There was bullying, mostly from senior boys, who seemed to equate transness with “being gay”, though that has now mostly ended. Otherwise, not much confusion. Because, of course, when you explain this sort of thing to primary school children, you don’t need to provide detailed biological explanations. Jane was born in the wrong body: she’s putting that right. Simple.

The real problems have come from the grown-ups – almost invariably young men – who think a trans woman alone on the street is fair game for abuse, verbal or otherwise. The intimidation diminishes: it never goes away entirely.

Twice, my son has witnessed physical threats against myself and, on one occasion, his mother as well. Most recently, and without any sense of irony, the bully who threatened to punch me in full view of the young boy claimed to be doing so “to protect children”.

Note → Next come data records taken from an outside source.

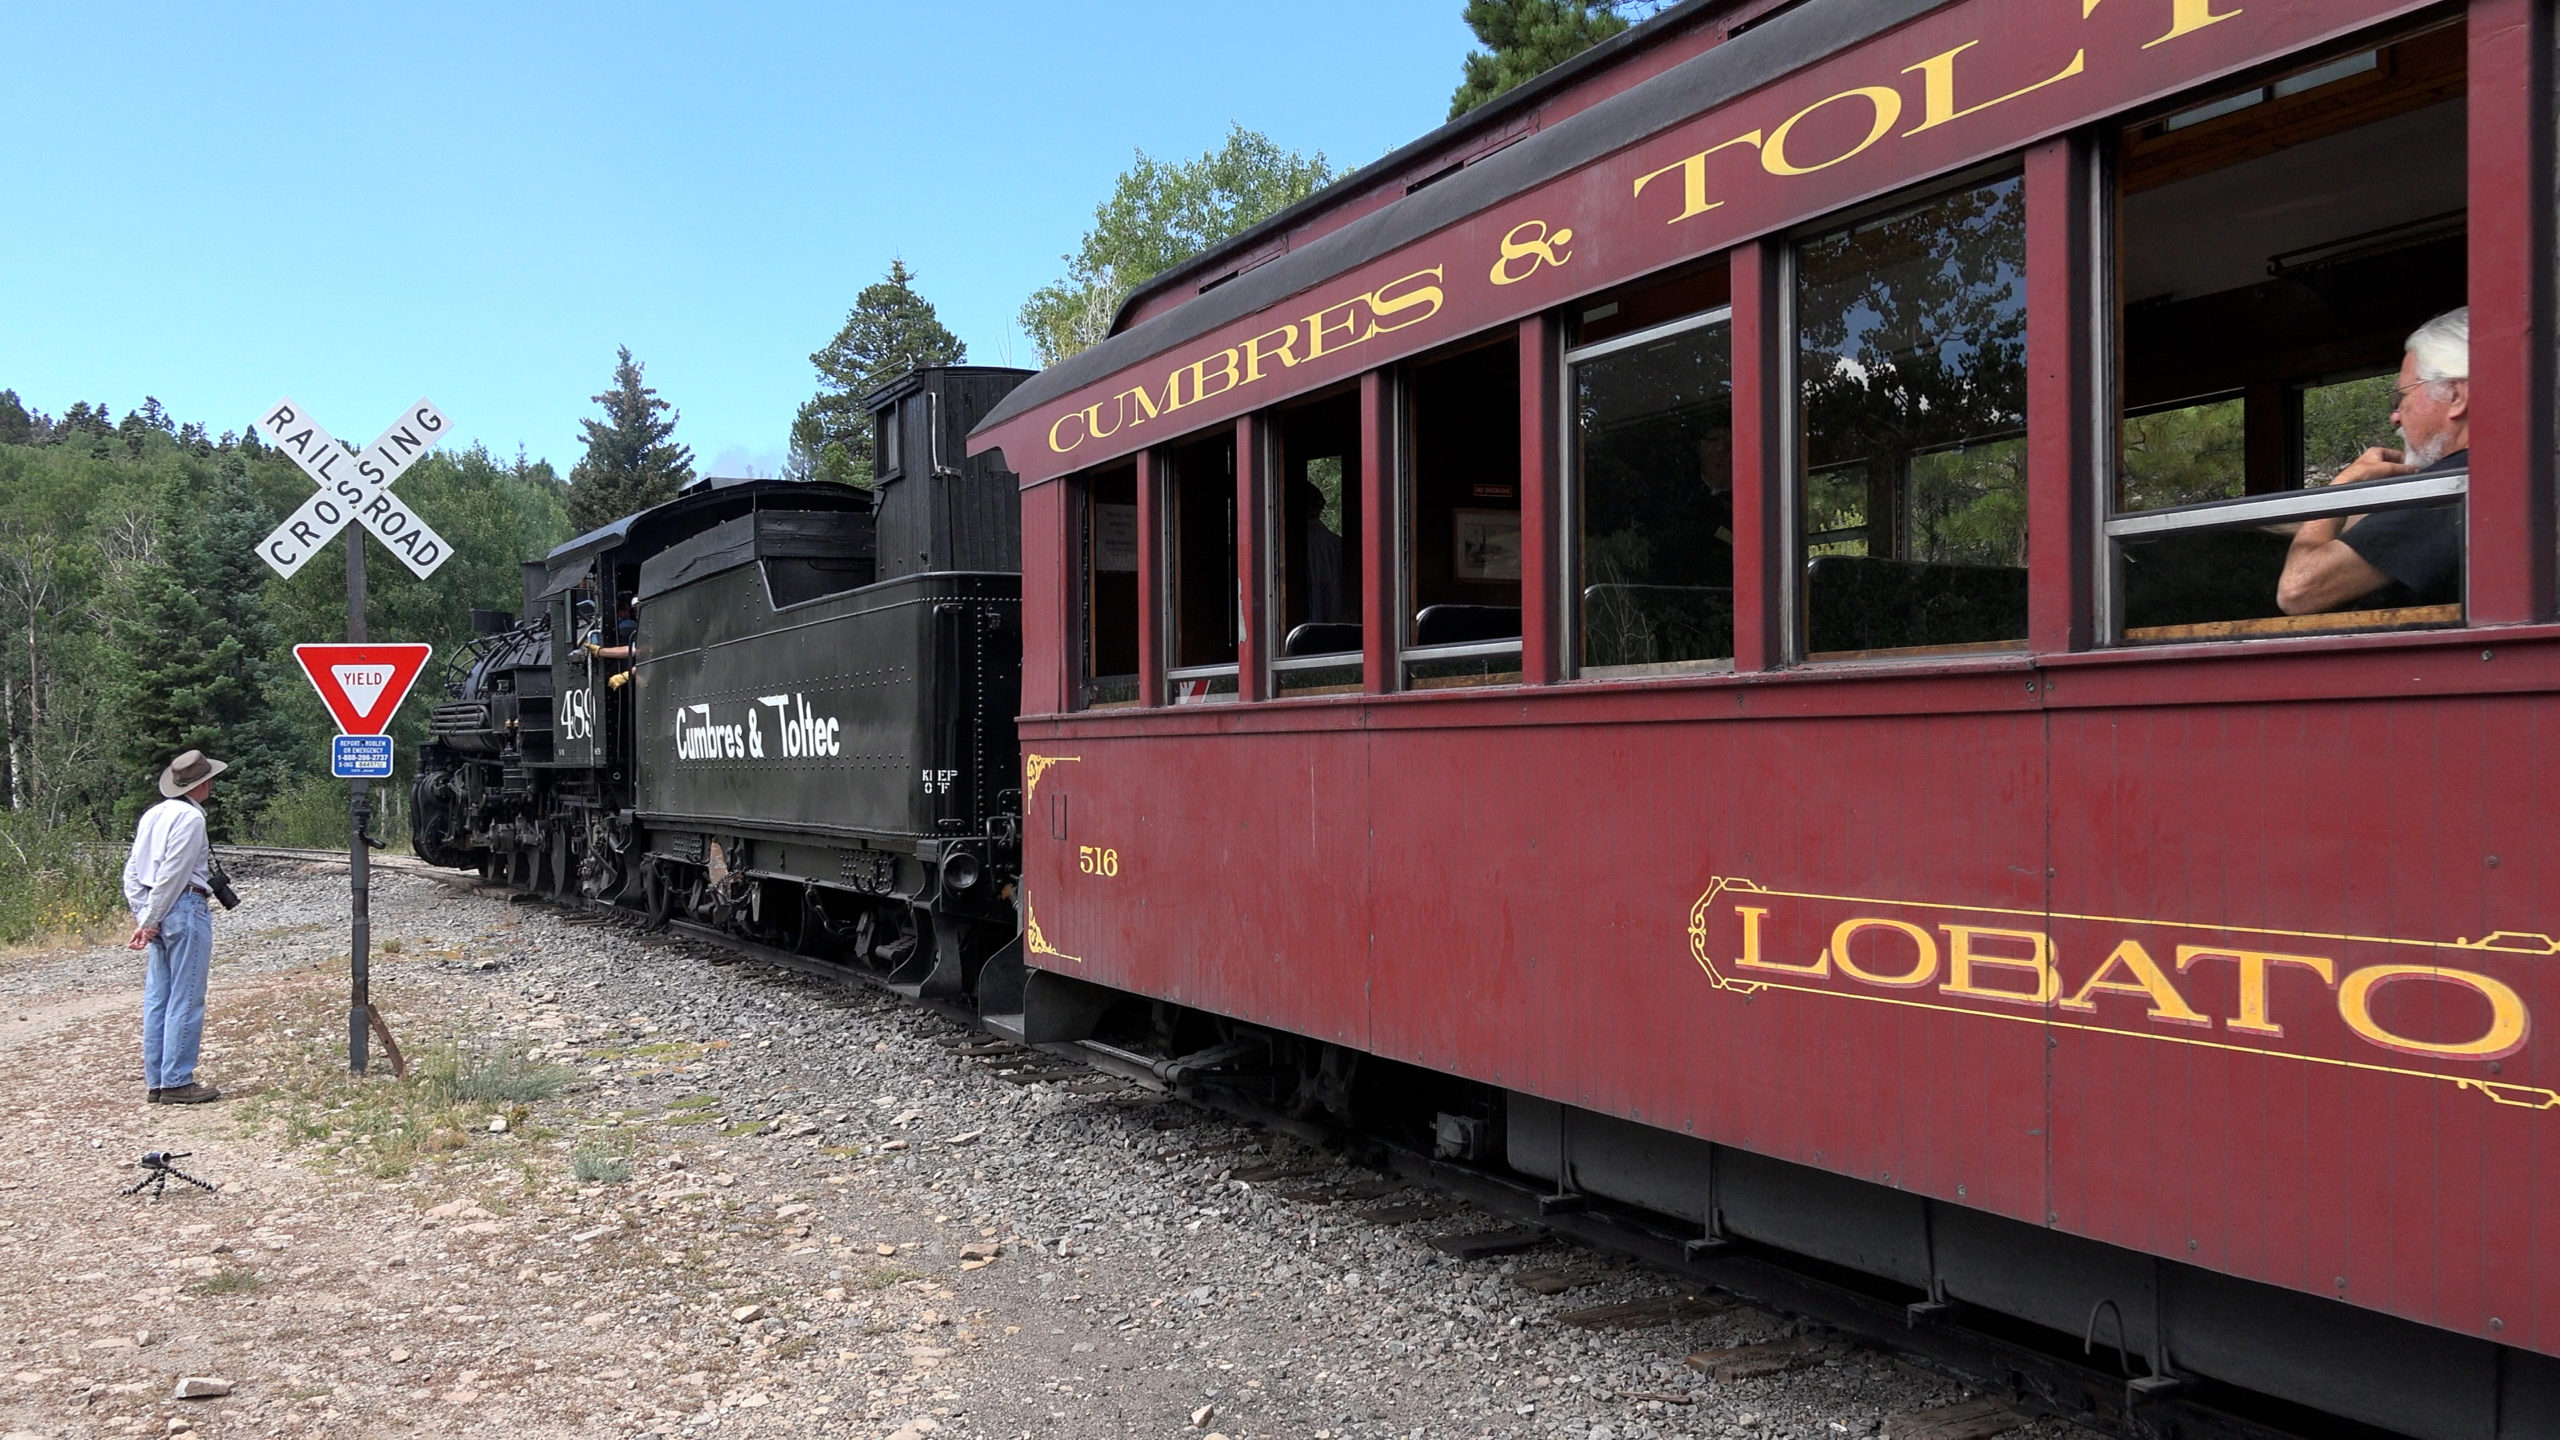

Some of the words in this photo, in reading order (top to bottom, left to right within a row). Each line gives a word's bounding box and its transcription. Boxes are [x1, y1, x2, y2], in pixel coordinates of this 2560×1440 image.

[1048, 263, 1444, 453] CUMBRES
[1489, 220, 1573, 285] &
[266, 405, 340, 482] RAIL
[362, 495, 440, 567] ROAD
[270, 407, 442, 566] CROSSING
[343, 672, 382, 685] YIELD
[560, 687, 597, 740] 489
[676, 703, 745, 760] Cumbres
[748, 708, 764, 758] &
[756, 692, 840, 758] Toltec
[924, 782, 950, 794] OF
[1080, 845, 1118, 877] 516
[1734, 905, 2531, 1062] LOBATO

Where have we heard that before? Ah yes: there was the supposedly radical drama group who felt it better for me to take a sabbatical “because parents of other young actors might not understand”. Weirdest of all, the children’s activity group that suggested I stop helping because “were I to be threatened or attacked in front of the children, it might upset them”.

Huh?

There is a common thread here – one that I seem to share with Miss Meadows and the parents of trans school children: no-one objects to US. But can’t we see how confusing/disturbing/upsetting this is for the children?

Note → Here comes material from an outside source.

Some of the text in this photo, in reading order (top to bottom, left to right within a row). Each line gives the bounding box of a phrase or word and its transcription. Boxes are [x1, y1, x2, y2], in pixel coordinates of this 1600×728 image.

Well, no. I have yet to meet a primary school child that has done other than express naïve curiosity about my journey. In part, this is the same issue as afflicts ALL sex ed, as well as ed that merely touches on sex. Parents don’t know how to talk about topics “appropriately”, don’t understand that information can be imparted in ways that make sense to six and seven year olds without blowing their minds. Making babies? A man puts his seed inside a lady... Being gay? Sometimes two boys or two girls can love each other…

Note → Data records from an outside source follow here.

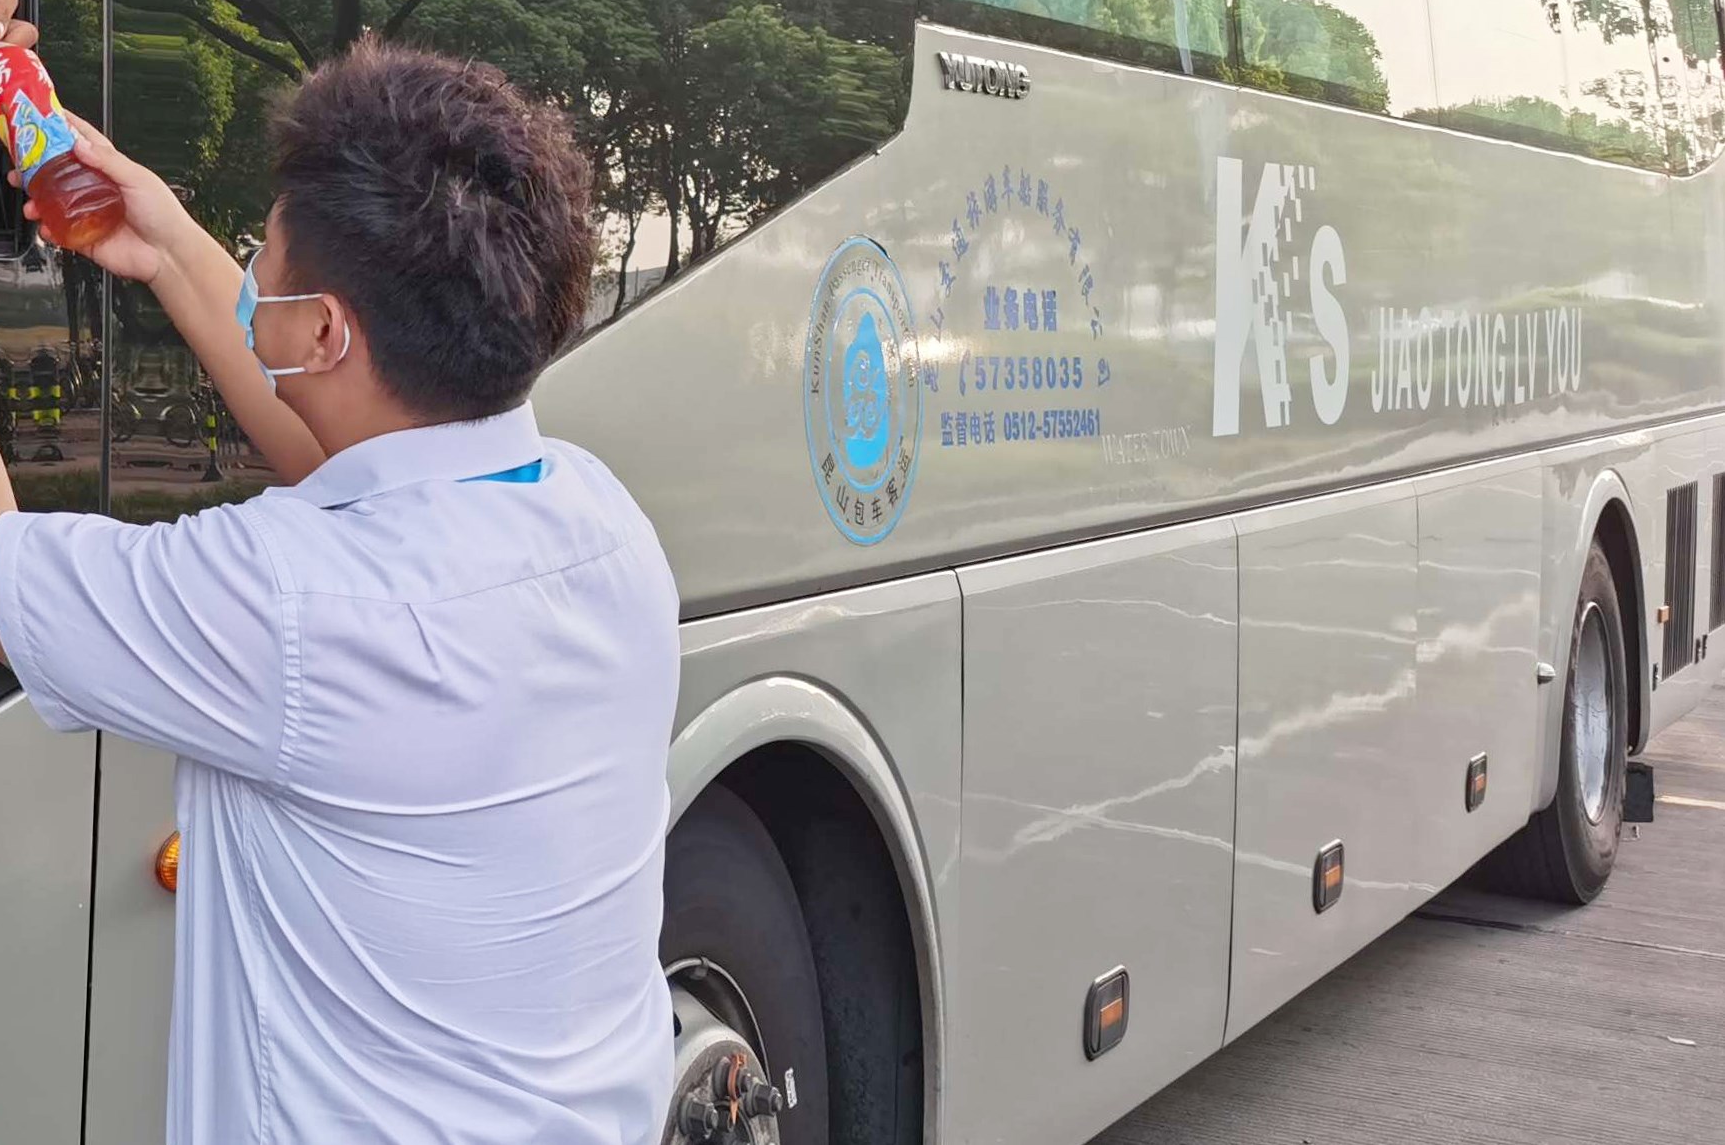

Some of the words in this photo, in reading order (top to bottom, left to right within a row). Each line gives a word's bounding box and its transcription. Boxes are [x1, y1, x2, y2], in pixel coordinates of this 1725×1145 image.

[936, 51, 1031, 99] YUTONG
[984, 286, 1058, 332] 业务电话
[975, 356, 1083, 391] 57358035
[1371, 307, 1434, 414] JIAO
[1441, 309, 1507, 409] TONG
[1514, 312, 1539, 405] LV
[1545, 306, 1583, 395] YOU
[940, 410, 996, 446] 监督电话
[1003, 408, 1101, 442] 0512-57552461

There. That wasn’t so hard, was it? Some of the parental angst is genuine: things weren’t like this “in their day”. They don’t know how to cope with basic questions. Still, there’s something else. It’s the same torrid mess of fear and projection that leads one parent to speak out against sex ed for showing cartoons of people “doing it” and shocked that “there was a white girl and a coloured man” (a genuine contribution to a session hosted by Safer Media). Or that it’s OK to be gay, but…you wouldn’t want “one of them” teaching your children.

It’s fear of normalisation, even though one of the biggest of burdens for the gay, trans or in any way different child is feeling alone and unusual, while knowing that there are others like them is blessed relief.

It’s projection, too. Because the single biggest source of danger to women, children, and minorities are young men, who see the world refracted through their own crude sexuality. So transness MUST be about sex – and therefore the trans teacher MUST be dangerous.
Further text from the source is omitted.